What to do =>
The entries are to be output word for word, with the pictures omitted.

======== Data shown ========

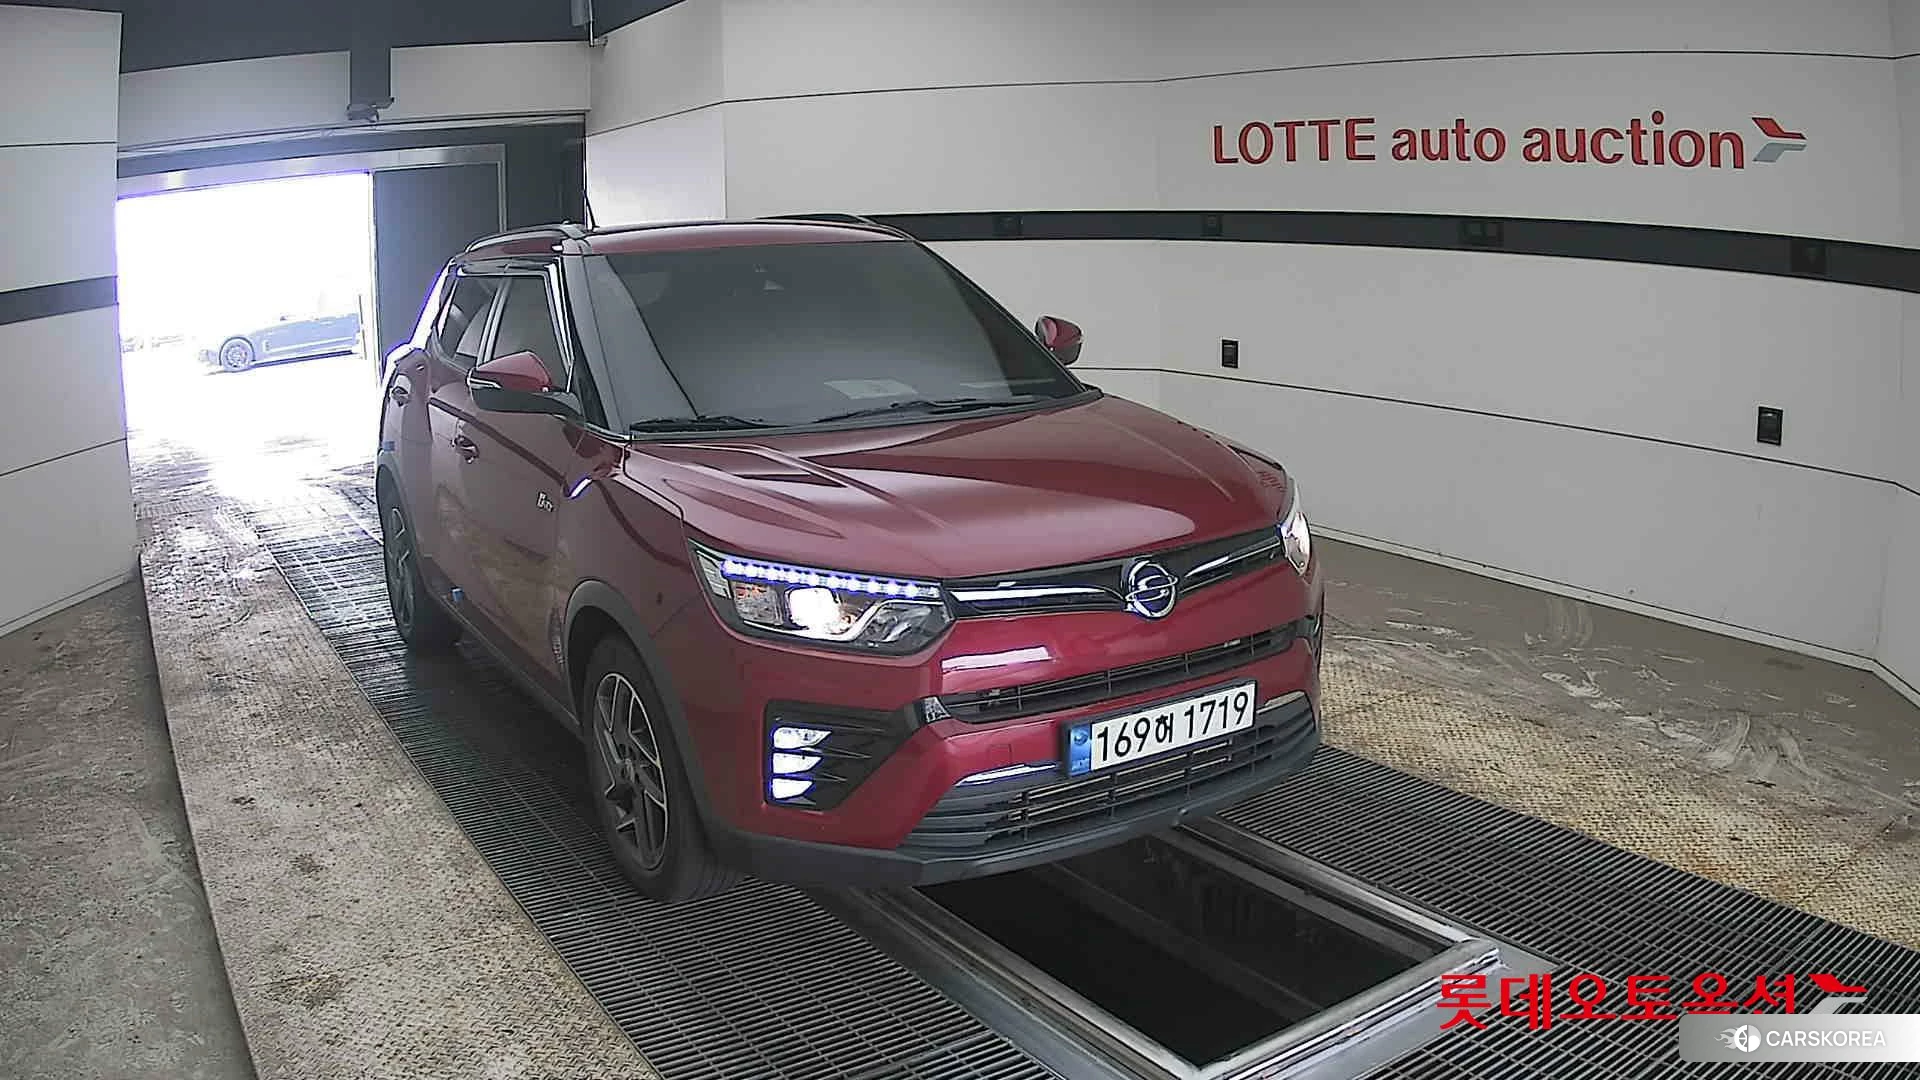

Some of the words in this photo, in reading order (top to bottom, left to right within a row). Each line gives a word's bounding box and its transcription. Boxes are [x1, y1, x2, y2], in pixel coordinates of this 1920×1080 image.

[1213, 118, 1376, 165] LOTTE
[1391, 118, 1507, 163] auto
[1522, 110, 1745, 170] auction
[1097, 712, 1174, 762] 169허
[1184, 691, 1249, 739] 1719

========

Result for this task =>
Some of the words in this photo, in reading order (top to bottom, left to right within a row). Each line gives a word's bounding box and its transcription. Boxes are [x1, y1, x2, y2], in pixel coordinates of this 1920×1080 image.

[1213, 118, 1376, 165] LOTTE
[1391, 118, 1507, 163] auto
[1522, 110, 1745, 170] auction
[1097, 712, 1174, 762] 169허
[1184, 691, 1249, 739] 1719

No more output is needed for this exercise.